Afirmamos que a direita golpista não tem moral pra atacar governo nenhum e muito menos o governo Chávez. Por isso, nessas mobilizações, nos alinhamos com aqueles que militam para destruí-las, pois são manifestações reacionárias e golpistas.
Além disso, repudiamos com veemência a atitude de algumas organizações, como o PSTU, que tem apoiado essas manifestações e orientado sua seção na Venezuela a participar delas. Esse é um desvio grave, pois significa estar na trincheira do inimigo. Torna-se mais grave ainda na medida em que essas mobilizações têm terminado em confrontos armados. No Brasil, se houvesse uma mobilização do “Cansei” contra o governo Lula e a Central Única dos Trabalhadores se confrontasse com tal movimento, estaríamos na trincheira da CUT (que é uma organização de trabalhadores) contra a direita reacionária. Na Venezuela o sectarismo do PSTU tem levado esse partido a estar na trincheira do Bandera Roja. Esse é um erro muito grave, pois ultrapassa as fronteiras de classe.

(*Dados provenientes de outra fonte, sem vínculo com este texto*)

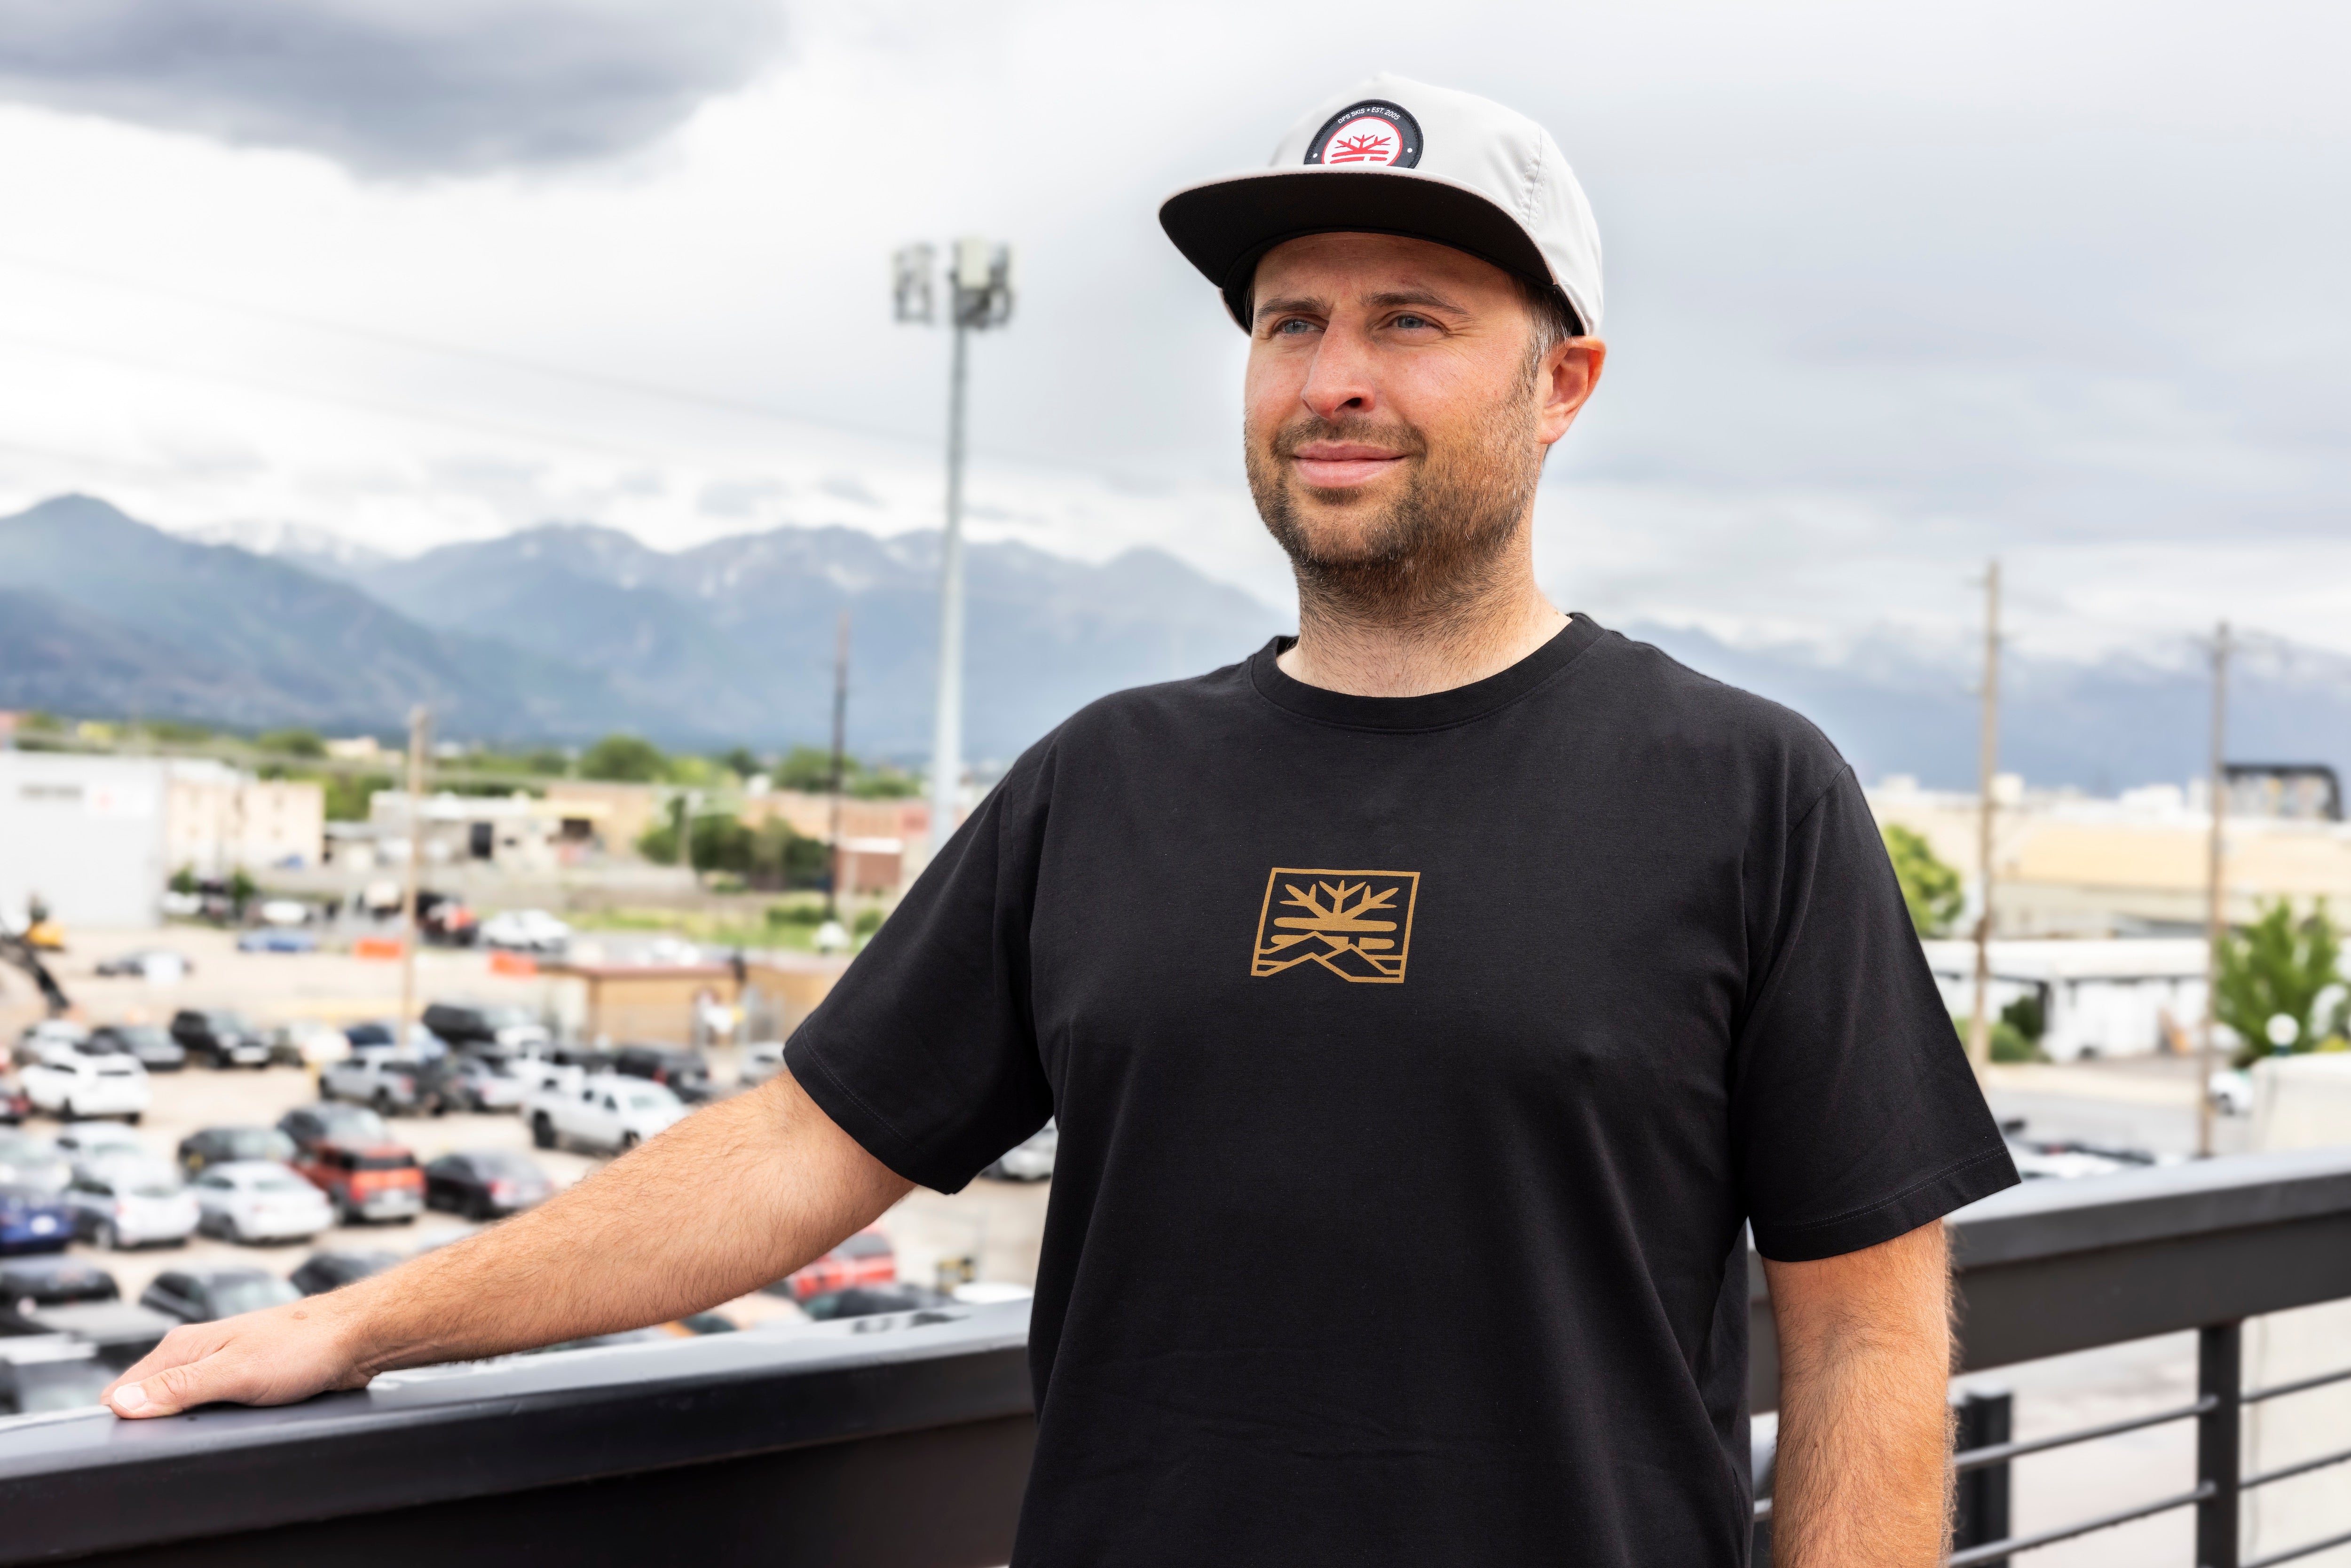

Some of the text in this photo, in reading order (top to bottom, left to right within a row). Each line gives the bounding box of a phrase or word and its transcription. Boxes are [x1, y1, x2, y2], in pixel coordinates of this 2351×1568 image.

Fazer oposição revolucionária ao governo Chávez significa, sem dar o mínimo apoio a esse governo, não ser sectário e fazer unidade de ação com ele para derrotar a direita e todos os seus movimentos. Aproveitando as mobilizações dos trabalhadores e moradores de favelas contra a direita, os revolucionários na Venezuela devem exigir, através dos métodos de luta próprios da classe operária, a expropriação sem indenização de todas as empresas venezuelanas, a nacionalização total das energias e o controle operário sobre a PDVSA. Sem dúvida alguma, essa pauta se chocaria com os golpistas e também com o próprio Chávez. Toda essa luta estaria a serviço da construção de um Partido Revolucionário de Trabalhadores na Venezuela como parte da batalha pela reconstrução da Quarta Internacional e por um governo direto dos trabalhadores venezuelanos.
Uma oposição como essa seria uma poderosa ferramenta capaz de destruir as ilusões daqueles que acreditam ser Chávez o caminho para o socialismo.
O sectarismo, por sua vez, em situações de confronto aberto, como na Venezuela, terminam mostrando sua outra face: o oportunismo e a colaboração com a direita. Aqueles que se colocam contra o governo Chávez, mas reproduzem os ataques da direita, conseguirão apenas ajudar o setor mais reacionário e, depois disso, serem rechaçados pelo movimento operário. E, quando isso acontecer, de nada adiantará montar um aparato próprio para dizer que a direção da classe está em disputa, pois a política acontece no mundo real e não no mundo dos factóides.